[SUPPLIED INFORMATION]
#####

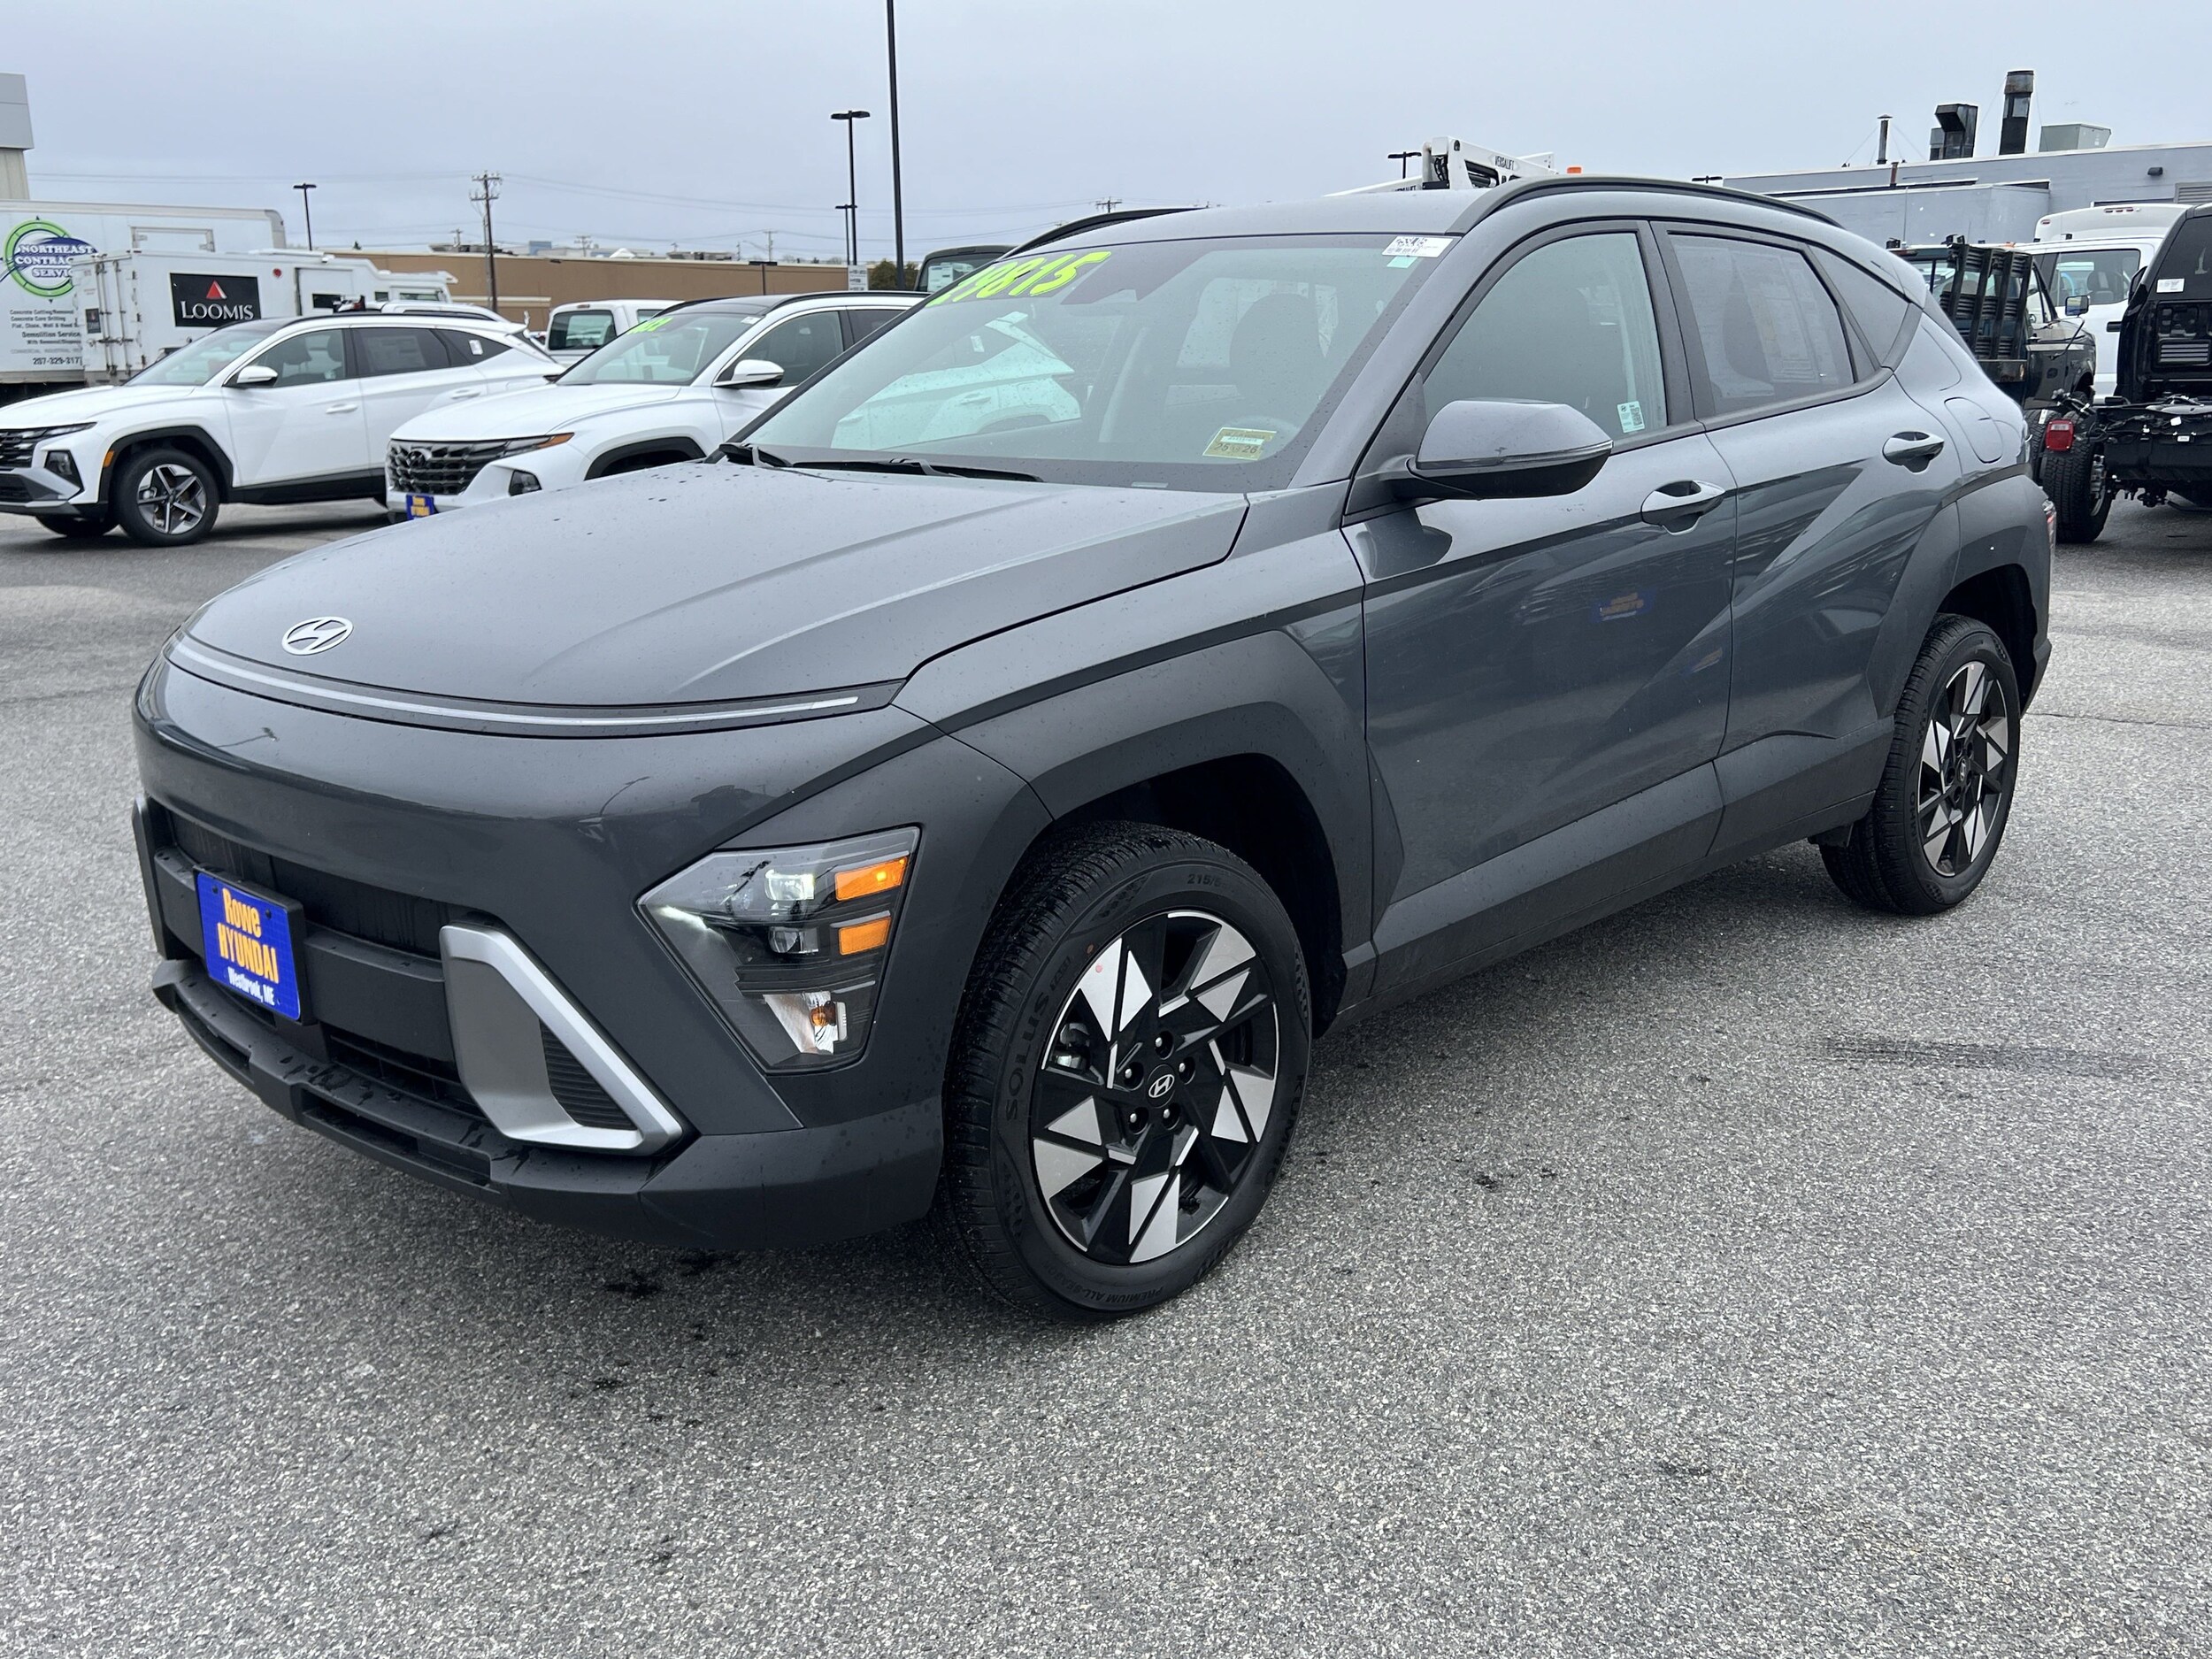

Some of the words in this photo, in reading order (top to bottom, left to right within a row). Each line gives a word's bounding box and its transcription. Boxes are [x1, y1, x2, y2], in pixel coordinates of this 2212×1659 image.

[1494, 155, 1514, 171] VERSALIFT
[19, 244, 93, 254] NORTHEAST
[180, 300, 254, 320] LOOMIS
[1214, 442, 1230, 452] 25
[1242, 444, 1258, 454] 26
[222, 887, 262, 938] Rowe
[218, 922, 280, 984] HYUNDAI
[1005, 991, 1050, 1122] SOLUS
[1105, 1286, 1164, 1304] PREMIUM

#####

[TASK DIRECTIONS]
Transcribe every line of the records exactly. Pictures do not belong in the copy.

[EXERCISE OUTPUT]
Some of the words in this photo, in reading order (top to bottom, left to right within a row). Each line gives a word's bounding box and its transcription. Boxes are [x1, y1, x2, y2], in pixel coordinates of this 2212×1659 image.

[1494, 155, 1514, 171] VERSALIFT
[19, 244, 93, 254] NORTHEAST
[180, 300, 254, 320] LOOMIS
[1214, 442, 1230, 452] 25
[1242, 444, 1258, 454] 26
[222, 887, 262, 938] Rowe
[218, 922, 280, 984] HYUNDAI
[1005, 991, 1050, 1122] SOLUS
[1105, 1286, 1164, 1304] PREMIUM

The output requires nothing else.